Mulberry street circa TK (TK)

Mulberry Street circa 1900 was a nexus of Italian-American consumption. (Photo via the Library of Congress)

To celebrate the recent publication of the book “Making Italian America: Consumer Culture and the Production of Ethnic Identities,” the Tenement Museum on the Lower East Side hosted a conversation with the editor and some of the contributing authors on Wednesday, May 14.

“We explored the reality of Italian immigrants as consumers instead of workers,” Simone Cinotto, editor of the book and author of several chapters, said.

The book investigates Italian-American consumption and the consumption of Italian products through an array of lenses: history, sociology, gastronomy, art history and pop culture.

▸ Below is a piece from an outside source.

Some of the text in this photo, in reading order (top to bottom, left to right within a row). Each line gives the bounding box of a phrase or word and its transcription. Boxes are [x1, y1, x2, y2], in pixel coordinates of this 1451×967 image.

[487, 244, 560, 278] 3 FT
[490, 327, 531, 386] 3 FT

“Most of the time, consumption is a way for immigrants to become assimilated,” Cinotto said. “Here what I think we have is, in fact, many of these goods are actually imported from Italy or made by Italian immigrants. The idea is that these people are becoming Italian by consuming the products they have access to in New York.”

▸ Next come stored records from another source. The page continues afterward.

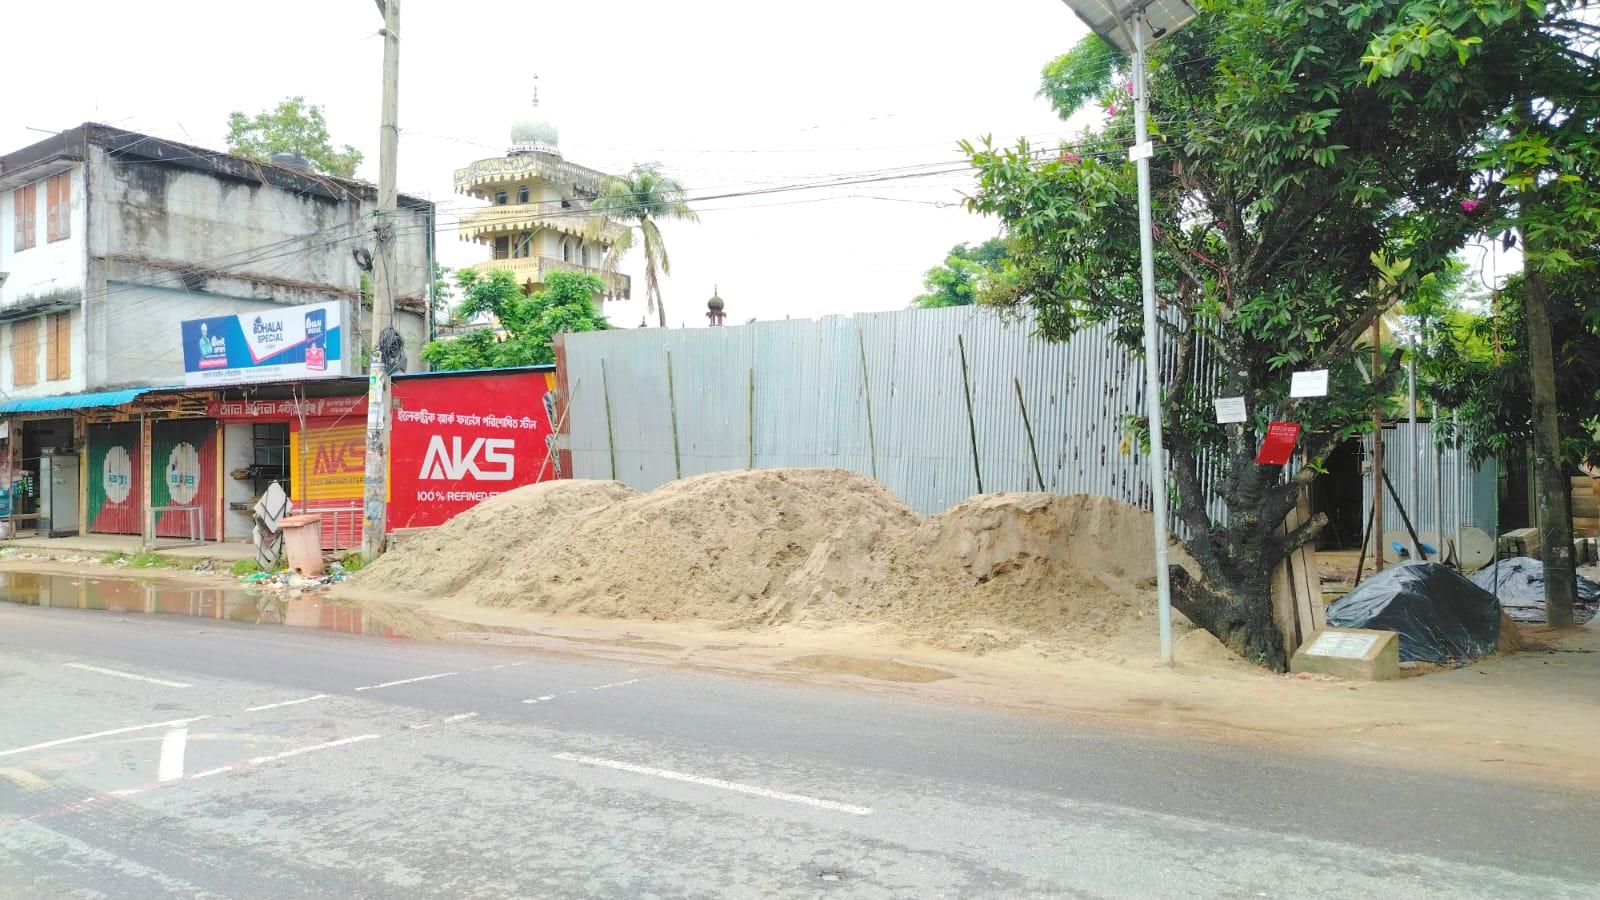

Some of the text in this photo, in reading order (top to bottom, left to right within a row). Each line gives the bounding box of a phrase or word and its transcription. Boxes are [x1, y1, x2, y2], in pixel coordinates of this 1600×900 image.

[257, 333, 283, 343] SPECIAL
[437, 412, 455, 425] আর্ক
[482, 413, 519, 429] পরিশোধিত
[312, 440, 366, 476] AKS
[418, 434, 515, 481] AKS
[417, 491, 445, 502] 100%
[447, 491, 489, 502] REFINED

From left to right, Marcella Bencivenni, Courtney Ritter and Ervin Kosta all spoke about their contributions to the book. (Photo by Gwynne Hogan/Voices of NY)

From left to right, Marcella Bencivenni, Courtney Ritter and Ervin Kosta all spoke about their contributions to the book. (Photo by Gwynne Hogan for Voices of NY)

Sociologist Ervin Kosta’s chapter looks at Mulberry Street in Lower Manhattan and Arthur Avenue in the Bronx, two loci of Italian culture in New York City. He analyzes the change in character of the streets over time by identifying the types of businesses found. For part of his research, he peeled through phonebooks dating back to 1970.

“As the neighborhood became less and less Italian residentially, it became more and more Italian commercially,” Kosta said.

Courtney Ritter, a Ph.D. candidate at the University of Michigan, looked into the transformation of the Made in Italy brand that went hand in hand with gentrification of lower Manhattan in the ’80s.

“There’s this idea that if you belong to the creative classes of New York City, you’re going to need this new vast array of consumer goods,” she said, referring to “luxury consumer goods” like “suits and shoes to balsamic vinegar,” all boasting the Made in Italy branding.

Ritter went on to highlight the strange distinction between Little Italy and SoHo, two neighborhoods that are close geographically, but that pander to dramatically different ideals of Italian identity.

“The tourist spaces of Little Italy continue to sell this immigrant idea of Italy, as red and white checkered tablecloths, rustic bottles of Chianti,” she said. “But then just a few blocks over, the Made in Italy label is used to cultivate an Italian esthetic for an elite class of young professionals.”


The Crests, a 1950s doo-wop group from public housing on the Lower East Side show the overlap between African Amercican and Italian American cultures. (Source of photo unknown)

Gwynne Hogan is a student at CUNY Graduate School of Journalism and reporter for Voices of NY. Follow her on Twitter.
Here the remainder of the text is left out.